SPICE: A Synergistic, Precise, Iterative, and Customizable Image Editing Workflow
This addresses the issue of precise and iterative image editing for users of diffusion models, though it is incremental as it builds on existing models like ControlNet.
The paper tackles the problem of prompt-based image editing models struggling with detailed instructions and local edits, often degrading global image quality after a single step, by introducing SPICE, a training-free workflow that outperforms state-of-the-art baselines on a challenging dataset and is preferred by human annotators.
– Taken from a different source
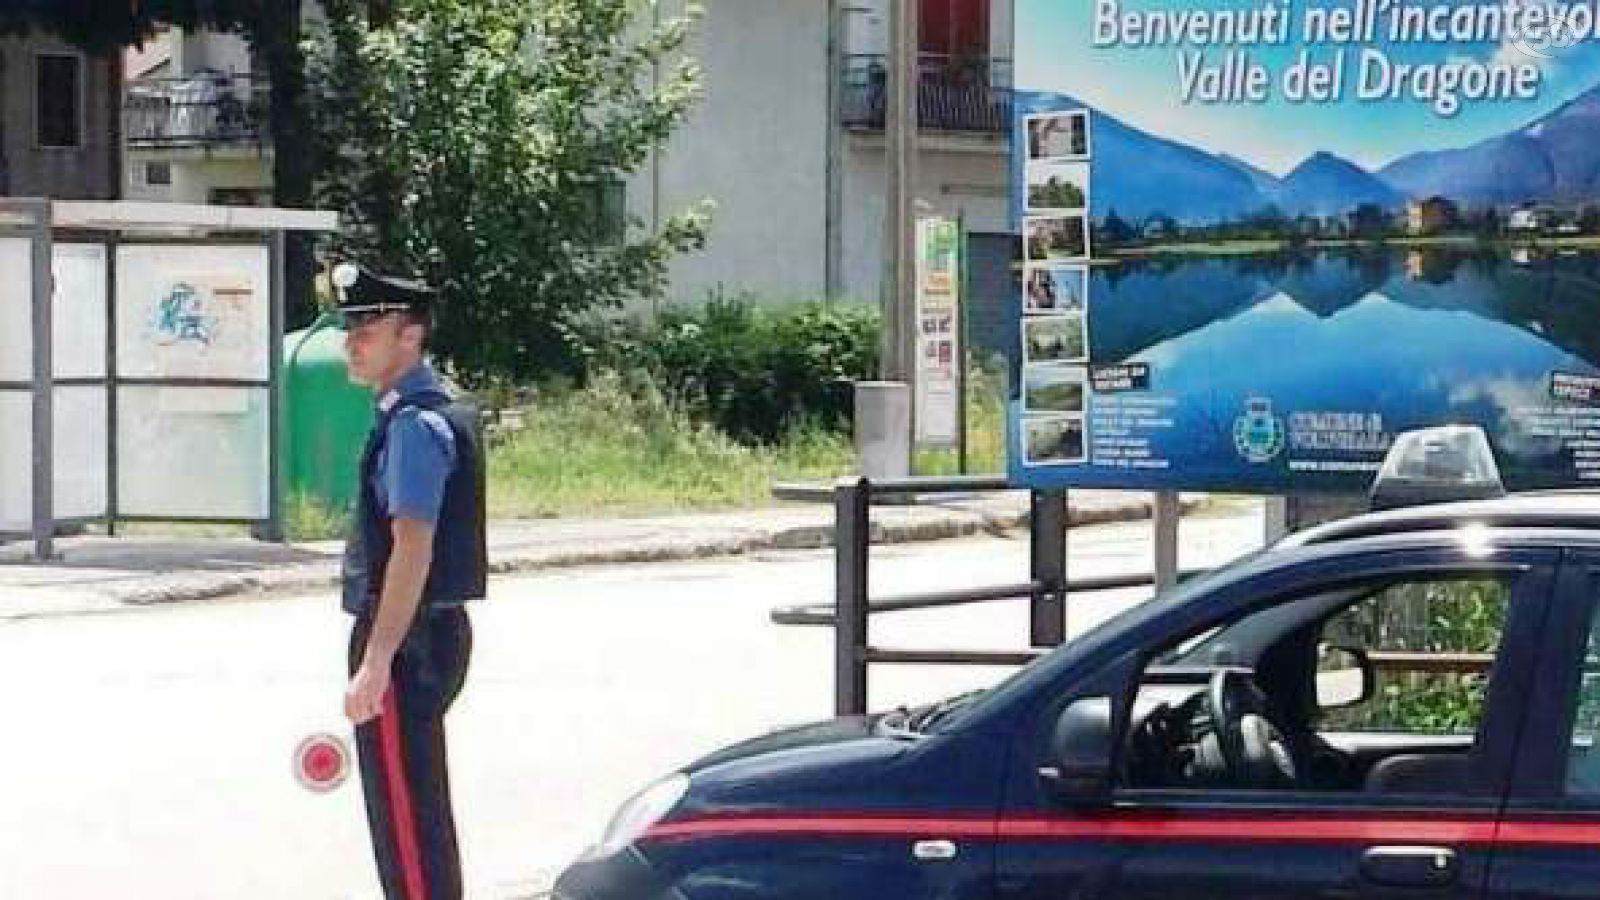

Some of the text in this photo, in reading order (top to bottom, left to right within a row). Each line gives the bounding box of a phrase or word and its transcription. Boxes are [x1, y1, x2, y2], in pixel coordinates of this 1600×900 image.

[1095, 0, 1289, 45] Benvenuti
[1176, 48, 1541, 116] Valle del Dragone
Prompt-based models have demonstrated impressive prompt-following capability at image editing tasks. However, the models still struggle with following detailed editing prompts or performing local edits. Specifically, global image quality often deteriorates immediately after a single editing step. To address these challenges, we introduce SPICE, a training-free workflow that accepts arbitrary resolutions and aspect ratios, accurately follows user requirements, and consistently improves image quality during more than 100 editing steps, while keeping the unedited regions intact. By synergizing the strengths of a base diffusion model and a Canny edge ControlNet model, SPICE robustly handles free-form editing instructions from the user. On a challenging realistic image-editing dataset, SPICE quantitatively outperforms state-of-the-art baselines and is consistently preferred by human annotators. We release the workflow implementation for popular diffusion model Web UIs to support further research and artistic exploration.